## WHAT YOU NEED TO DO
Reproduce the whole listing exactly and let no picture into the copy.

## DATASET EXTRACT
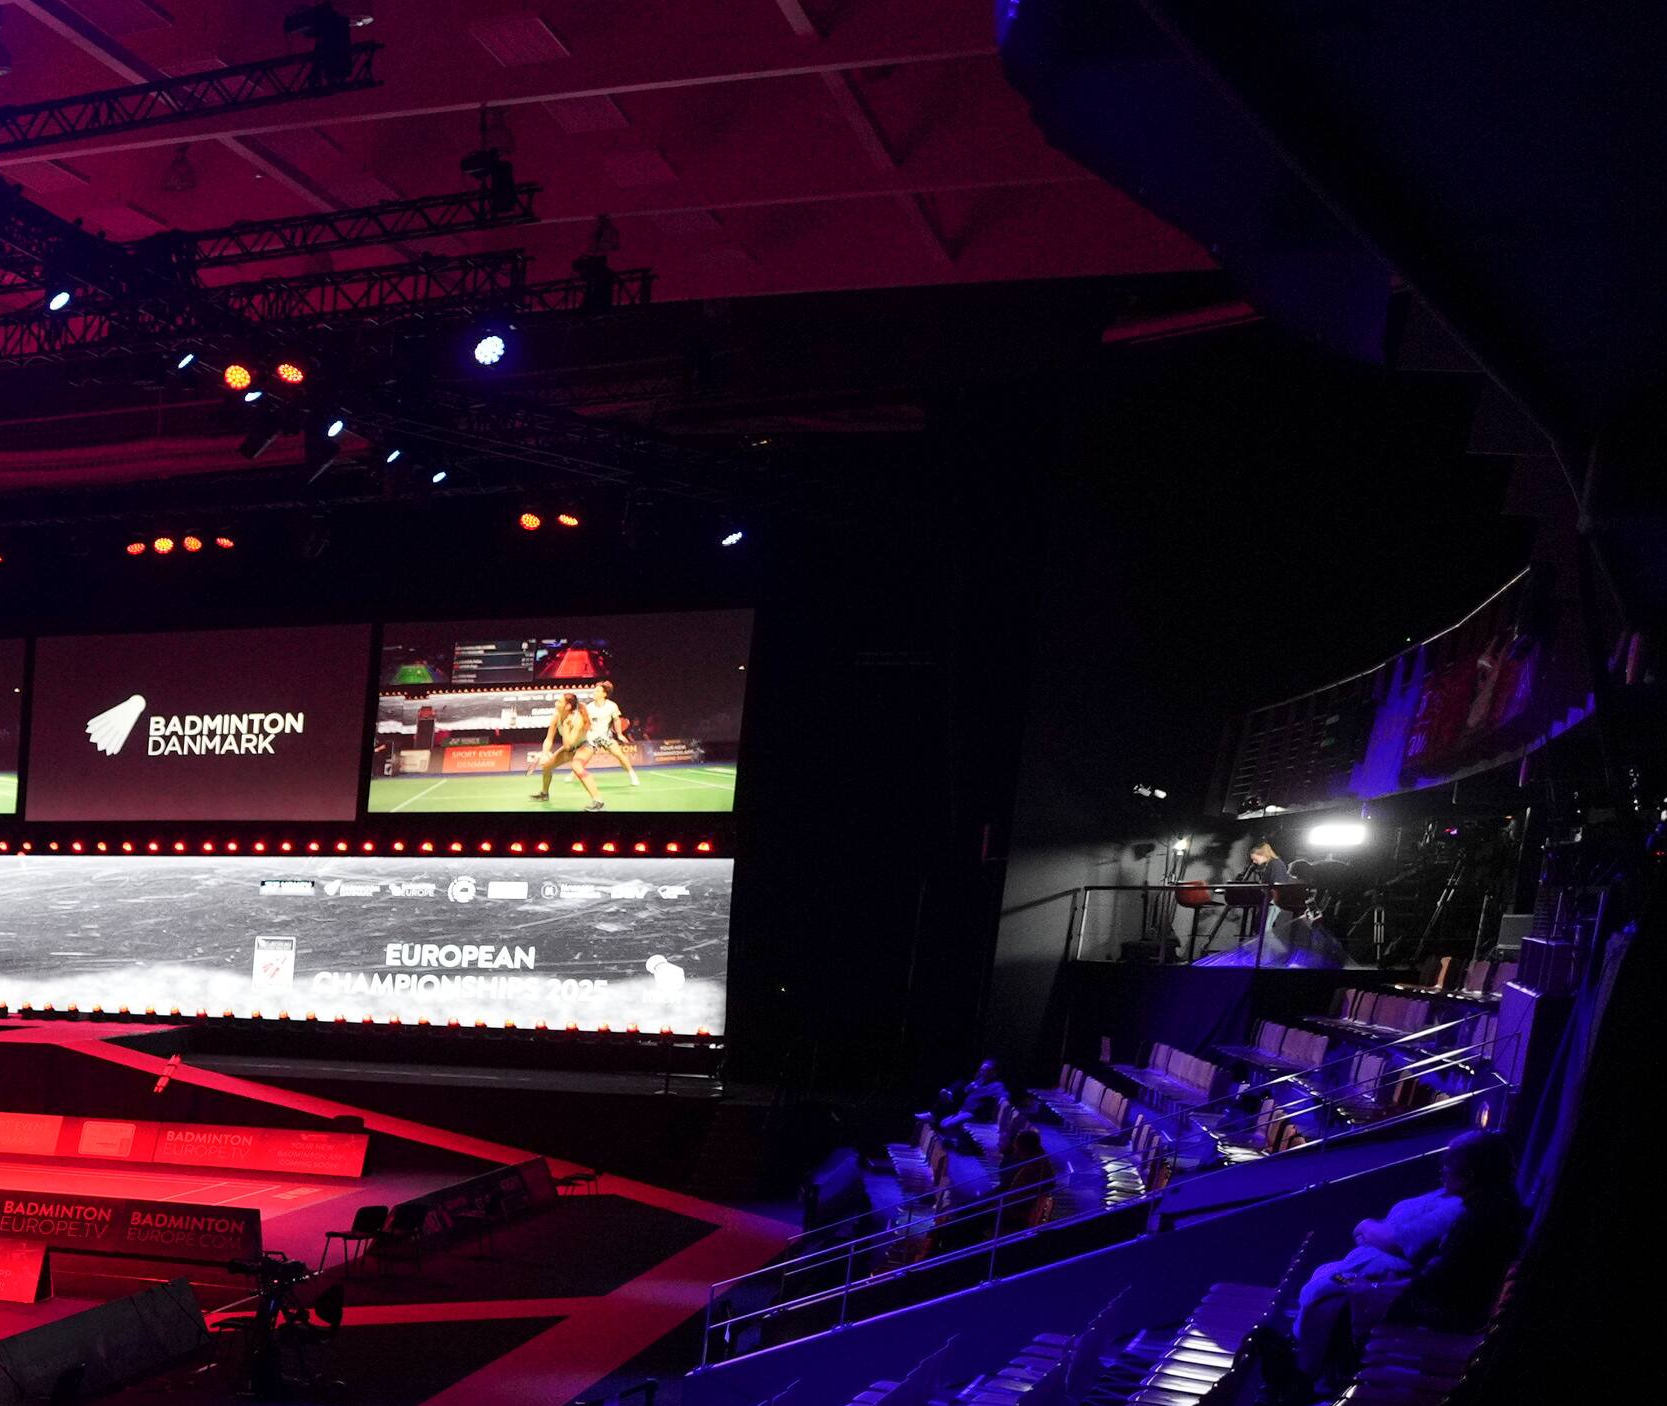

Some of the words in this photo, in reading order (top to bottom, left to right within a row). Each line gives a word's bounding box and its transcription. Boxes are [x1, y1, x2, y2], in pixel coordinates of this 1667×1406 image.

[149, 712, 305, 736] BADMINTON
[147, 733, 276, 756] DANMARK
[384, 943, 537, 969] EUROPEAN
[312, 972, 541, 1001] CHAMPIONSHIPS
[546, 978, 610, 1001] 2025
[166, 1130, 253, 1147] BADMINTON
[3, 1200, 113, 1222] BADMINTON
[129, 1211, 245, 1235] BADMINTON

## EXERCISE RESPONSE
Some of the words in this photo, in reading order (top to bottom, left to right within a row). Each line gives a word's bounding box and its transcription. Boxes are [x1, y1, x2, y2], in pixel coordinates of this 1667×1406 image.

[149, 712, 305, 736] BADMINTON
[147, 733, 276, 756] DANMARK
[384, 943, 537, 969] EUROPEAN
[312, 972, 541, 1001] CHAMPIONSHIPS
[546, 978, 610, 1001] 2025
[166, 1130, 253, 1147] BADMINTON
[3, 1200, 113, 1222] BADMINTON
[129, 1211, 245, 1235] BADMINTON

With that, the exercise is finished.